Notice posted in internal hallway of building “reasonably calculated to apprise the public of the information”

by Gary Taylor

City of Postville, et al v. Upper Explorerland Regional Planning Commission
Iowa Court of Appeals, June 10, 2015

This case came back to the Court of Appeals on remand from the Iowa Supreme Court.  In its 2013 decision the Supreme Court determined that there was a genuine issue of material fact on the issue of whether placing notices of Upper Explorerland Regional Planning Commission (Commission) meetings on a bulletin board in the building’s interior hallway outside the meeting room complied with Iowa’s Open Meetings Act.

Iowa Code 21.4 provides in part:

…[A] governmental body shall give notice of the time, date, and place of each meeting including a reconvened meeting of the governmental body, and the tentative agenda of the meeting, in a manner reasonably calculated to apprise the public of that information. Reasonable notice shall include advising the news media who have filed a request for notice with the governmental body and posting the notice on a bulletin board or other prominent place which is easily accessible to the public and clearly designated for that purpose at the principal office of the body holding the meeting, or if no such office exists, at the building in which the meeting is to be held.

The facts relevant to the issue raised were recited by the Court of Appeals:

“The bulletin board is approximately thirty to forty feet from the main public access door.  The board is not visible from the entrance door to the office.  The office is open to the public Monday through Friday from 8:00am to 4:30pm…. The testimony indicated the bulletin board was visible from the reception area, but the board’s contents were not.  The Commission’s secretary testified that you could not specifically see what was on the bulletin board from the reception area.  The meeting notices have been posted on the same bulletin board in the same hallway outside the room where the Commission has met for at least twenty years.  While the general public did not regularly frequent the hallway, or the Commission’s building itself, the public was not prohibited from entering or viewing the contents of the bulletin board.  The receptionist, who had worked at the Commission for thirty-two years, testified she never turned a member of the public away from the door. However, she could not recall any member of the public ever coming to the office to ask when and where the Commission met.”

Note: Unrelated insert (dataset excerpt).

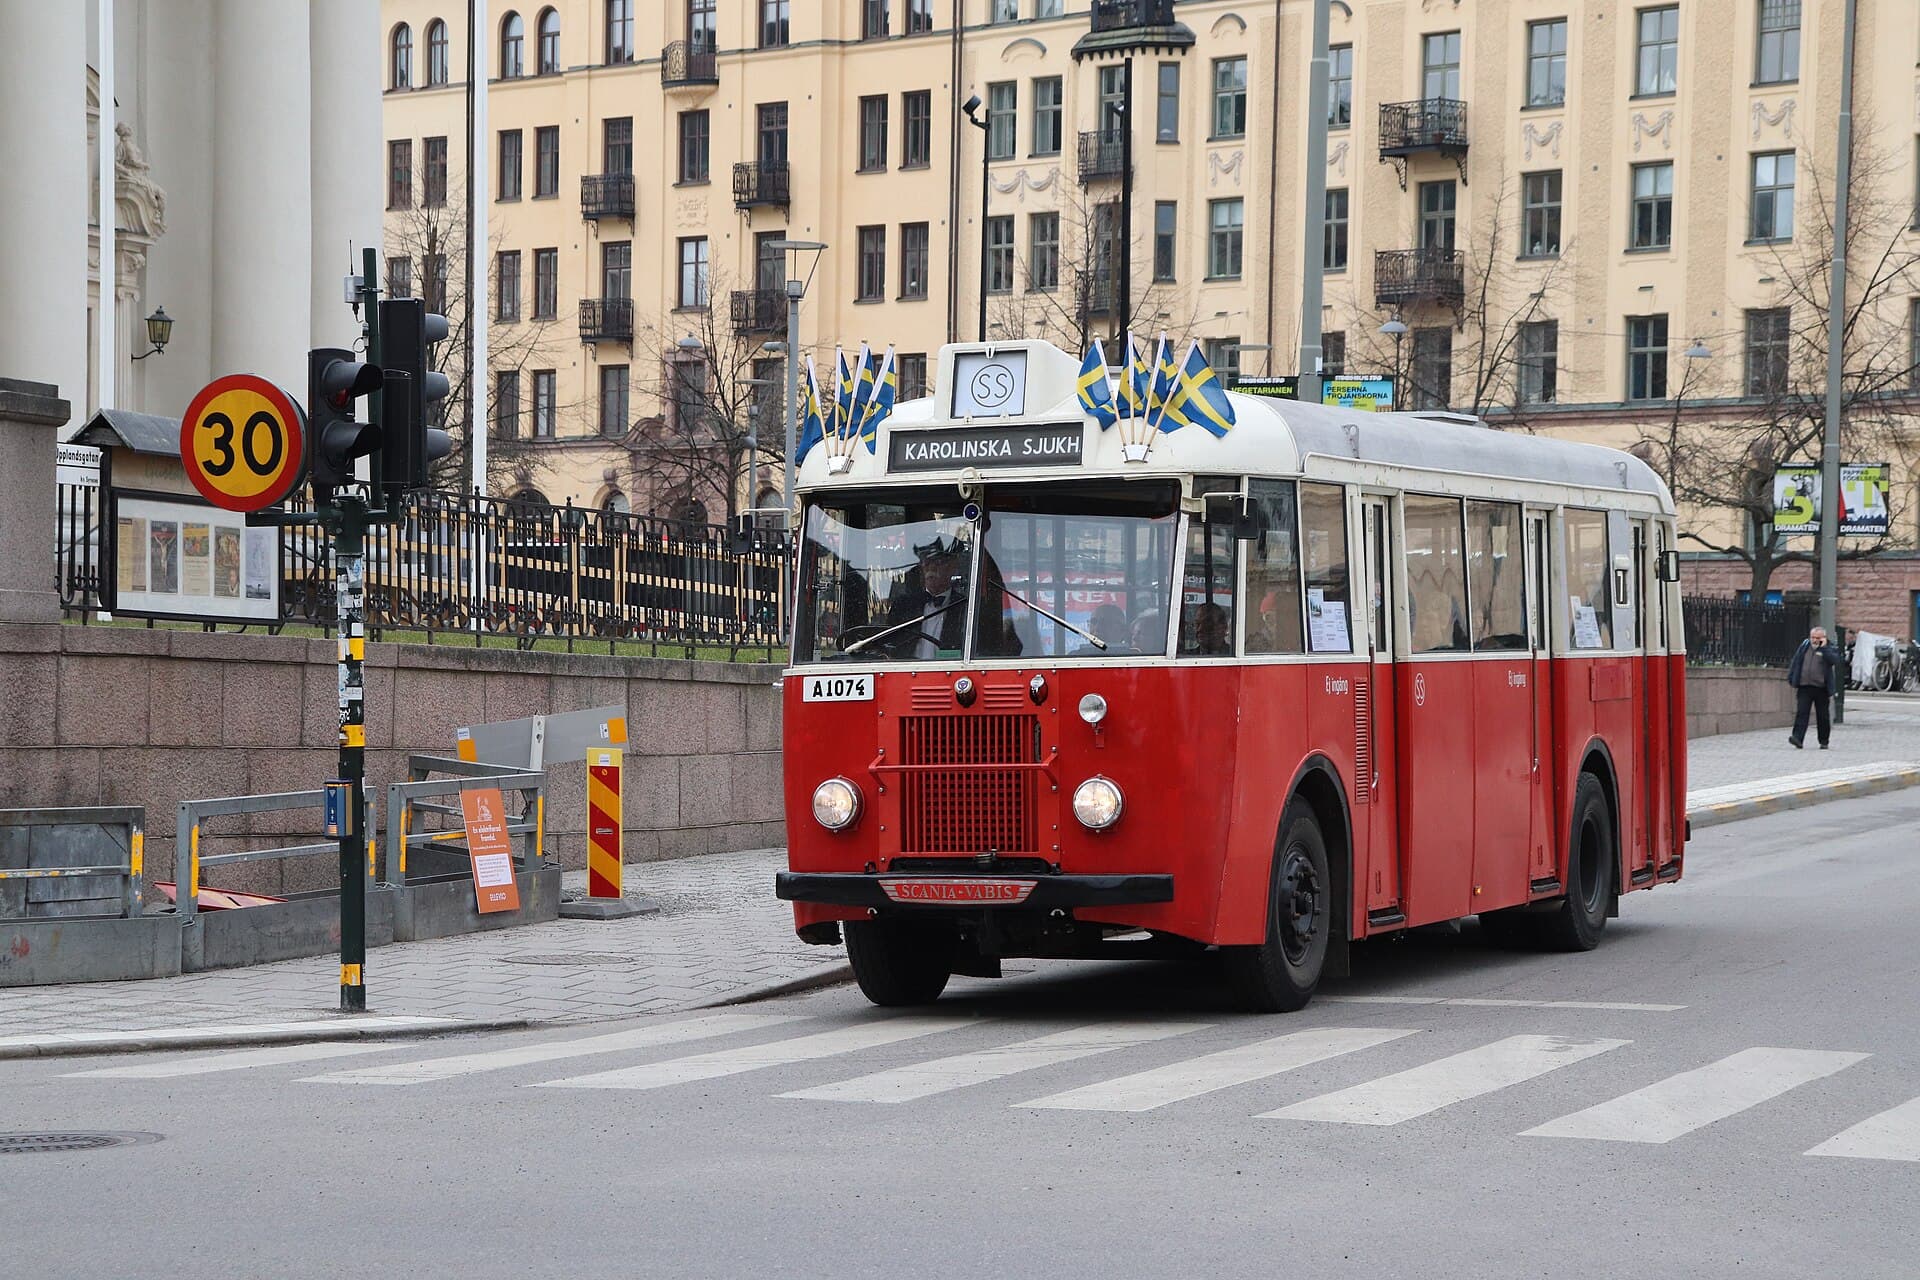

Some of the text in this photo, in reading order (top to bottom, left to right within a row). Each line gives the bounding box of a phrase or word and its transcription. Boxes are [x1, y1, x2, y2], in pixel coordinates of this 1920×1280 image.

Approximately ten years before the lawsuit was filed, the Commission installed a new bulletin board located in the reception area of the building immediately inside the front door, but the meeting notices continued to be posted on the original bulletin board down the hall outside the meeting room.  The Court of Appeals observed, however, that “there is no indication that posting the notice on the new bulletin board would have resulted in more members of the public being apprised of the meetings since the only people to frequent the building were those who had business with the Commission or had an appointment.”  The Court concluded that “the statute does not require the notice of the meeting be viewable twenty-four hours a day, or that it be in the most visible place available.  All that is required is that the Commission substantially comply with the requirement that the notice be posted ‘in a manner reasonable calculated to apprise the public of the information.'”   Substantial evidence was present to support the district court’s conclusion that the Commission had met this standard.